It’s become a cliché in the industry to say that cybersecurity has become a board room-level issue but what evidence do we have to support this claim? Well, here are a few tidbits from some recent ESG research that certainly lend credibility to the business-driven cybersecurity thesis (note: I am an ESG employee):
- When asked to identify business initiatives that are driving IT spending, 43% of respondents said, “increasing cybersecurity.” This was the top business initiative selected followed by “reducing costs” (38%), “improving data analytics for real-time business intelligence” (32%), and “ensuring regulatory compliance” (27%).
- On a similar vein, survey respondents were asked to identify the most important IT “meta-trend” to their organization. Forty-two percent of respondents selected, “increasing cybersecurity.” The next most popular response, “using data analytics for real-time business intelligence,” came in at 17%.
- 69% of organizations are increasing their spending on cybersecurity in 2016. These budget increases are being approved by business managers who are now willing to spend more money to improve cybersecurity at their organizations.
As if the ESG data wasn’t enough, we also know that cyber-insurance policies grew by about 35% last year. So aside from increasing cybersecurity budgets, business executives are hedging their bets by transferring risk to third-parties.
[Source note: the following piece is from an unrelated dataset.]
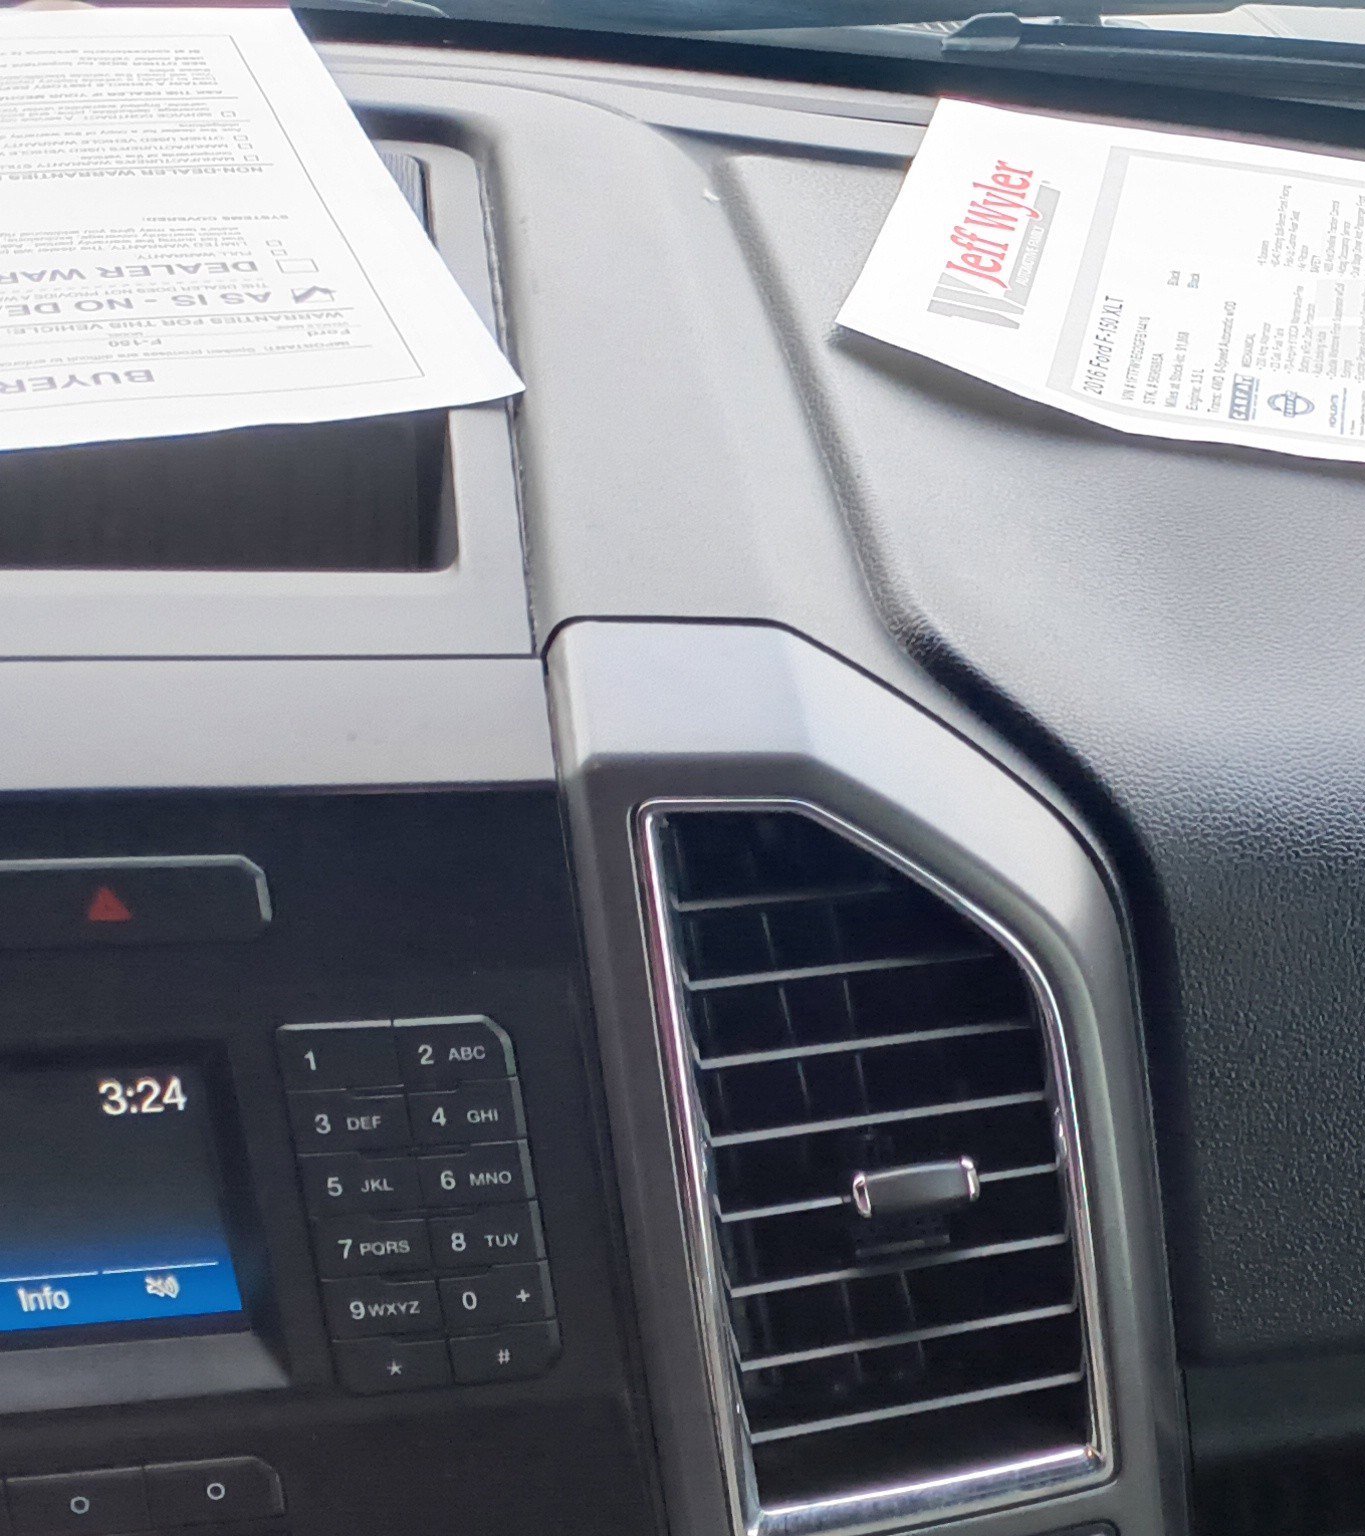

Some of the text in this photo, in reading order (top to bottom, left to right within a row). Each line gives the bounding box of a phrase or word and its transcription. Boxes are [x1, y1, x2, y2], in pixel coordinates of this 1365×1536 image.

I view all of this data as good and bad news. On the positive side, we’ve entered a period where business managers realize that they need good security – not just “good enough” security. So what’s the bad news? CISOs must expect to be reviewed more thoroughly based upon business metrics like ROI, cost containment, and continuous improvement. This is relatively unfamiliar territory for many cybersecurity professionals who grew up managing firewalls and mastering the CISSP Common Body of Knowledge (CBK).
Over the next few years, business managers need to develop greater cybersecurity affinity while CISOs must learn to mitigate risk and detect/respond to incidents in an operationally efficient and measurable manner. These challenges will determine cybersecurity success or failure across the organization moving forward.